- _WHAT THE TASK REQUIRES_:
Copy out the listing exactly.

[[ DATA SHOWN, beginning ]]

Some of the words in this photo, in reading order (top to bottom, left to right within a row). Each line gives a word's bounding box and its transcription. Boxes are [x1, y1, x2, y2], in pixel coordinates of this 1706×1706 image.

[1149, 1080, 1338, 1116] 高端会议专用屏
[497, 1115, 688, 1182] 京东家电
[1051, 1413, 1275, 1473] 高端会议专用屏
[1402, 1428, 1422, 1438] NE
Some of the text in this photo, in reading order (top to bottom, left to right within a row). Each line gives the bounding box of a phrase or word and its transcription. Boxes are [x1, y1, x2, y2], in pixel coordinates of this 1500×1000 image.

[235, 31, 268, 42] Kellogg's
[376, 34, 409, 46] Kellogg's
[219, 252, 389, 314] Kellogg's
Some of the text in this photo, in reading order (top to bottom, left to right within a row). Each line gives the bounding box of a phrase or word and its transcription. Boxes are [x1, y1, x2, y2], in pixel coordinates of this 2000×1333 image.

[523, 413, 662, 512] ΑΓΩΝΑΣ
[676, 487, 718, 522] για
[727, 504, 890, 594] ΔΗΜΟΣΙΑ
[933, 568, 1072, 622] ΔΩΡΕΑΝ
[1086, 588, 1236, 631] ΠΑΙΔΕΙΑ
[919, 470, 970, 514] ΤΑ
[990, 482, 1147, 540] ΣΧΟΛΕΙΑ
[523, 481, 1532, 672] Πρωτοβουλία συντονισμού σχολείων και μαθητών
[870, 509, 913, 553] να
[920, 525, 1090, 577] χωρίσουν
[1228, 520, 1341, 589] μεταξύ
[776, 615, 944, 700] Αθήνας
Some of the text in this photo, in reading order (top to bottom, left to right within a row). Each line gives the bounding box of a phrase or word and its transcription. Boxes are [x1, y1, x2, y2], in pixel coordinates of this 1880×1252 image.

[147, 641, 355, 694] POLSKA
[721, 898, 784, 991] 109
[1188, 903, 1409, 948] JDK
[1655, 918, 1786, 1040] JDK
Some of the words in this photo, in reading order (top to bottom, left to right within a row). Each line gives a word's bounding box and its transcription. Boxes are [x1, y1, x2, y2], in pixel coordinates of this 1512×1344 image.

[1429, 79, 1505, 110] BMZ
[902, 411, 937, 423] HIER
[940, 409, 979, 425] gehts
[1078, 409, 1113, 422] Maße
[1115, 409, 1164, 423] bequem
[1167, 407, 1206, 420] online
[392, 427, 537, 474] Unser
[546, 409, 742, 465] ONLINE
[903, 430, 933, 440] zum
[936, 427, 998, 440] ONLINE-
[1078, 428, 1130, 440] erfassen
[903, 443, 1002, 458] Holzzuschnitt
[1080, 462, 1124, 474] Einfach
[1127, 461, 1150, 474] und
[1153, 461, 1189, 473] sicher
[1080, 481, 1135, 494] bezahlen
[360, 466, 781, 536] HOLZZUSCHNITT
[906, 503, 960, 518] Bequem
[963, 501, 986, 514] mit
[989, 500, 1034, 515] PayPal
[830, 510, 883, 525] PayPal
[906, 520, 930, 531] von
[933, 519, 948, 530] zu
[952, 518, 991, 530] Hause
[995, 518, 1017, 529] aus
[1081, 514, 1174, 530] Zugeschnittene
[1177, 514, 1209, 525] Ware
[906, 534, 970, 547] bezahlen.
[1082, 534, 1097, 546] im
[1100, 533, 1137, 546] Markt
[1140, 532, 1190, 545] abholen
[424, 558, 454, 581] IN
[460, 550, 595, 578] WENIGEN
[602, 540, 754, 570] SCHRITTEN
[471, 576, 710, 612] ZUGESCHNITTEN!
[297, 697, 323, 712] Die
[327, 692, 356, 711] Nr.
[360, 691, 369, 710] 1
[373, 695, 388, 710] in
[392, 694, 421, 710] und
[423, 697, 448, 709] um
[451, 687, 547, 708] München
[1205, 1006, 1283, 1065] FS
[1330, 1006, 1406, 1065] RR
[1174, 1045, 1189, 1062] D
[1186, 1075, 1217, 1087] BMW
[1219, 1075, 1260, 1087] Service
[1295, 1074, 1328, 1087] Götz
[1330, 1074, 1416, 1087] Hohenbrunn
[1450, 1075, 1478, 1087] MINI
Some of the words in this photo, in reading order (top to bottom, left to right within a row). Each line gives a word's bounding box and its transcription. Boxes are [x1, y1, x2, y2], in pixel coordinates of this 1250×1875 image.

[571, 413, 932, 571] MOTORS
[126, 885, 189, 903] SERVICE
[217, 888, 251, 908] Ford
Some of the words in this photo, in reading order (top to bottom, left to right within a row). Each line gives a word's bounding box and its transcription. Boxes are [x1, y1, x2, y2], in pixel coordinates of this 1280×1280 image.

[[ DATA SHOWN, end ]]

- _WRITTEN RESPONSE_:
Some of the words in this photo, in reading order (top to bottom, left to right within a row). Each line gives a word's bounding box and its transcription. Boxes are [x1, y1, x2, y2], in pixel coordinates of this 1706×1706 image.

[1149, 1080, 1338, 1116] 高端会议专用屏
[497, 1115, 688, 1182] 京东家电
[1051, 1413, 1275, 1473] 高端会议专用屏
[1402, 1428, 1422, 1438] NE
Some of the text in this photo, in reading order (top to bottom, left to right within a row). Each line gives the bounding box of a phrase or word and its transcription. Boxes are [x1, y1, x2, y2], in pixel coordinates of this 1500×1000 image.

[235, 31, 268, 42] Kellogg's
[376, 34, 409, 46] Kellogg's
[219, 252, 389, 314] Kellogg's
Some of the text in this photo, in reading order (top to bottom, left to right within a row). Each line gives the bounding box of a phrase or word and its transcription. Boxes are [x1, y1, x2, y2], in pixel coordinates of this 2000×1333 image.

[523, 413, 662, 512] ΑΓΩΝΑΣ
[676, 487, 718, 522] για
[727, 504, 890, 594] ΔΗΜΟΣΙΑ
[933, 568, 1072, 622] ΔΩΡΕΑΝ
[1086, 588, 1236, 631] ΠΑΙΔΕΙΑ
[919, 470, 970, 514] ΤΑ
[990, 482, 1147, 540] ΣΧΟΛΕΙΑ
[523, 481, 1532, 672] Πρωτοβουλία συντονισμού σχολείων και μαθητών
[870, 509, 913, 553] να
[920, 525, 1090, 577] χωρίσουν
[1228, 520, 1341, 589] μεταξύ
[776, 615, 944, 700] Αθήνας
Some of the text in this photo, in reading order (top to bottom, left to right within a row). Each line gives the bounding box of a phrase or word and its transcription. Boxes are [x1, y1, x2, y2], in pixel coordinates of this 1880×1252 image.

[147, 641, 355, 694] POLSKA
[721, 898, 784, 991] 109
[1188, 903, 1409, 948] JDK
[1655, 918, 1786, 1040] JDK
Some of the words in this photo, in reading order (top to bottom, left to right within a row). Each line gives a word's bounding box and its transcription. Boxes are [x1, y1, x2, y2], in pixel coordinates of this 1512×1344 image.

[1429, 79, 1505, 110] BMZ
[902, 411, 937, 423] HIER
[940, 409, 979, 425] gehts
[1078, 409, 1113, 422] Maße
[1115, 409, 1164, 423] bequem
[1167, 407, 1206, 420] online
[392, 427, 537, 474] Unser
[546, 409, 742, 465] ONLINE
[903, 430, 933, 440] zum
[936, 427, 998, 440] ONLINE-
[1078, 428, 1130, 440] erfassen
[903, 443, 1002, 458] Holzzuschnitt
[1080, 462, 1124, 474] Einfach
[1127, 461, 1150, 474] und
[1153, 461, 1189, 473] sicher
[1080, 481, 1135, 494] bezahlen
[360, 466, 781, 536] HOLZZUSCHNITT
[906, 503, 960, 518] Bequem
[963, 501, 986, 514] mit
[989, 500, 1034, 515] PayPal
[830, 510, 883, 525] PayPal
[906, 520, 930, 531] von
[933, 519, 948, 530] zu
[952, 518, 991, 530] Hause
[995, 518, 1017, 529] aus
[1081, 514, 1174, 530] Zugeschnittene
[1177, 514, 1209, 525] Ware
[906, 534, 970, 547] bezahlen.
[1082, 534, 1097, 546] im
[1100, 533, 1137, 546] Markt
[1140, 532, 1190, 545] abholen
[424, 558, 454, 581] IN
[460, 550, 595, 578] WENIGEN
[602, 540, 754, 570] SCHRITTEN
[471, 576, 710, 612] ZUGESCHNITTEN!
[297, 697, 323, 712] Die
[327, 692, 356, 711] Nr.
[360, 691, 369, 710] 1
[373, 695, 388, 710] in
[392, 694, 421, 710] und
[423, 697, 448, 709] um
[451, 687, 547, 708] München
[1205, 1006, 1283, 1065] FS
[1330, 1006, 1406, 1065] RR
[1174, 1045, 1189, 1062] D
[1186, 1075, 1217, 1087] BMW
[1219, 1075, 1260, 1087] Service
[1295, 1074, 1328, 1087] Götz
[1330, 1074, 1416, 1087] Hohenbrunn
[1450, 1075, 1478, 1087] MINI
Some of the words in this photo, in reading order (top to bottom, left to right within a row). Each line gives a word's bounding box and its transcription. Boxes are [x1, y1, x2, y2], in pixel coordinates of this 1250×1875 image.

[571, 413, 932, 571] MOTORS
[126, 885, 189, 903] SERVICE
[217, 888, 251, 908] Ford
Some of the words in this photo, in reading order (top to bottom, left to right within a row). Each line gives a word's bounding box and its transcription. Boxes are [x1, y1, x2, y2], in pixel coordinates of this 1280×1280 image.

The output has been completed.